Labor Market Outcomes and Reforms in China

Author : Xin Meng | 2012
Published By: American Economic Association

From 1949, the Chinese economy has allowed virtually no labor mobility between rural and urban sectors. Rural-urban segregation has been enforced by a household registration system called "hukou." Individuals born in rural areas receive "agriculture hukou" while those born in cities are designated as "nonagricultural hukou." In the countryside, employment and income were linked to the commune-based production system. Collectively owned communes provided very basic coverage for health, education, and pensions. In cities, state-assigned life-time employment, centrally determined wages, and a cradle-to-grave social welfare system were implemented. In the late 1970s, China's economic reforms began, but the timing and pattern of the changes were quite different across rural and urban labor markets.
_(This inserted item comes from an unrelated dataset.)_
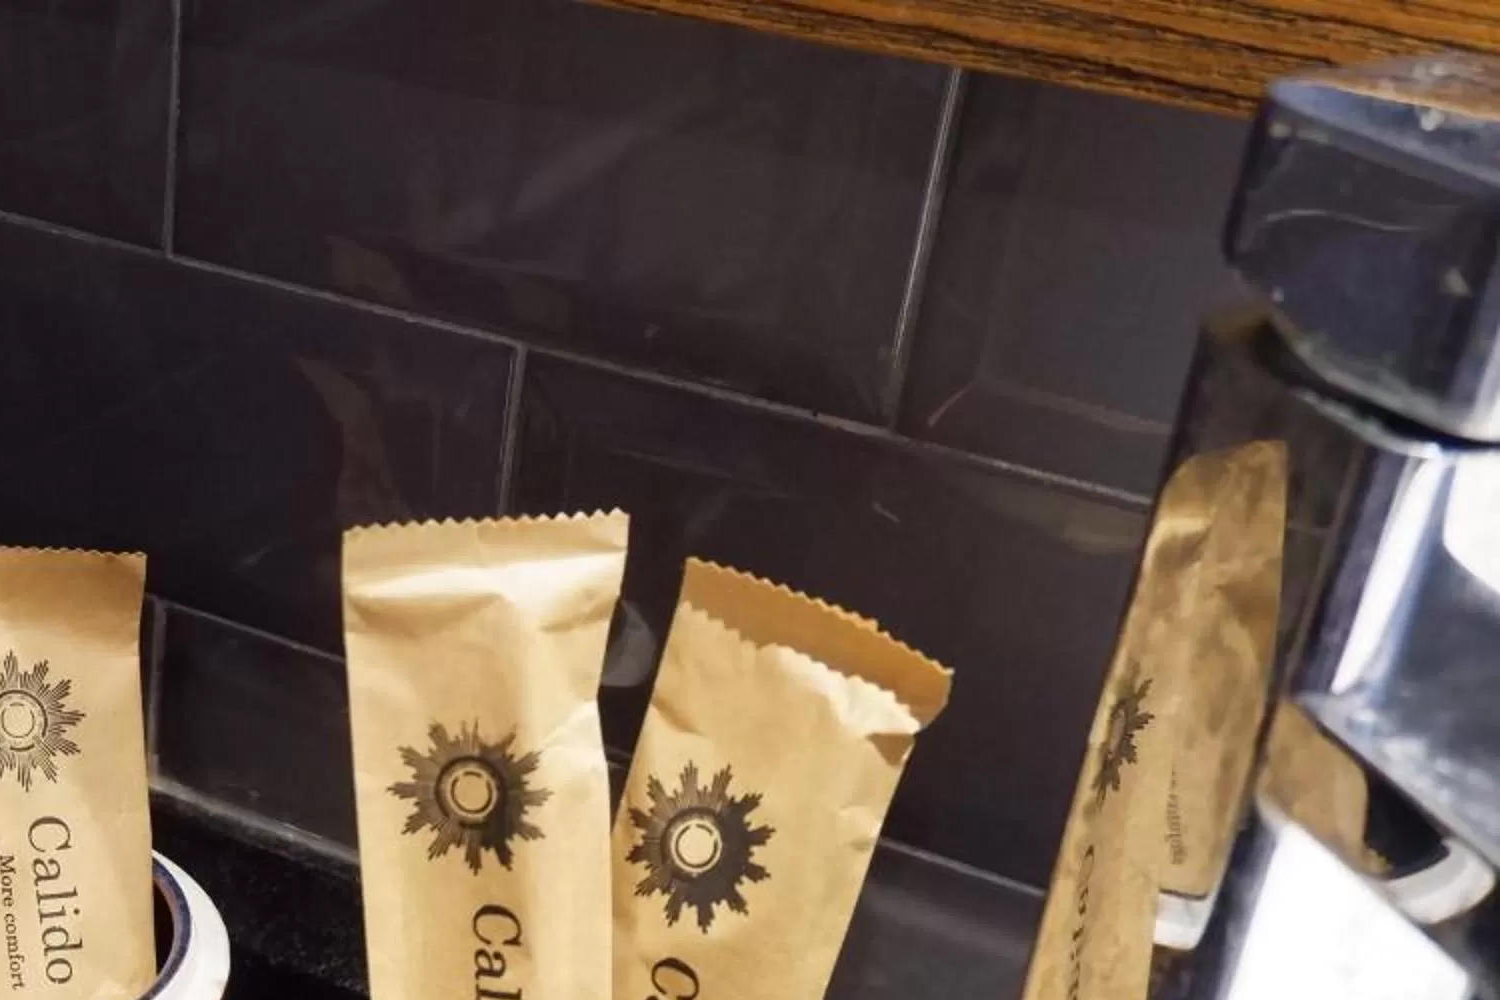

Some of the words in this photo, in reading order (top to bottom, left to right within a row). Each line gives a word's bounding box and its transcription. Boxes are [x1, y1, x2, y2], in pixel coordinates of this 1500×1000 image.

[0, 855, 16, 907] More
[27, 816, 83, 984] Calido
[4, 913, 25, 990] comfort
This paper focuses on employment and wages in the urban labor markets, the interaction between the urban and rural labor markets through migration, and future labor market challenges. Despite the remarkable changes that have occurred, inherited institutional impediments still play an important role in the allocation of labor; the hukou system remains in place, and 72 percent of China's population is still identified as rural hukou holders. China must continue to ease its restrictions on rural- urban migration, and must adopt policies to close the widening rural-urban gap in education, or it risks suffering both a shortage of workers in the growing urban areas and a deepening urban-rural economic divide.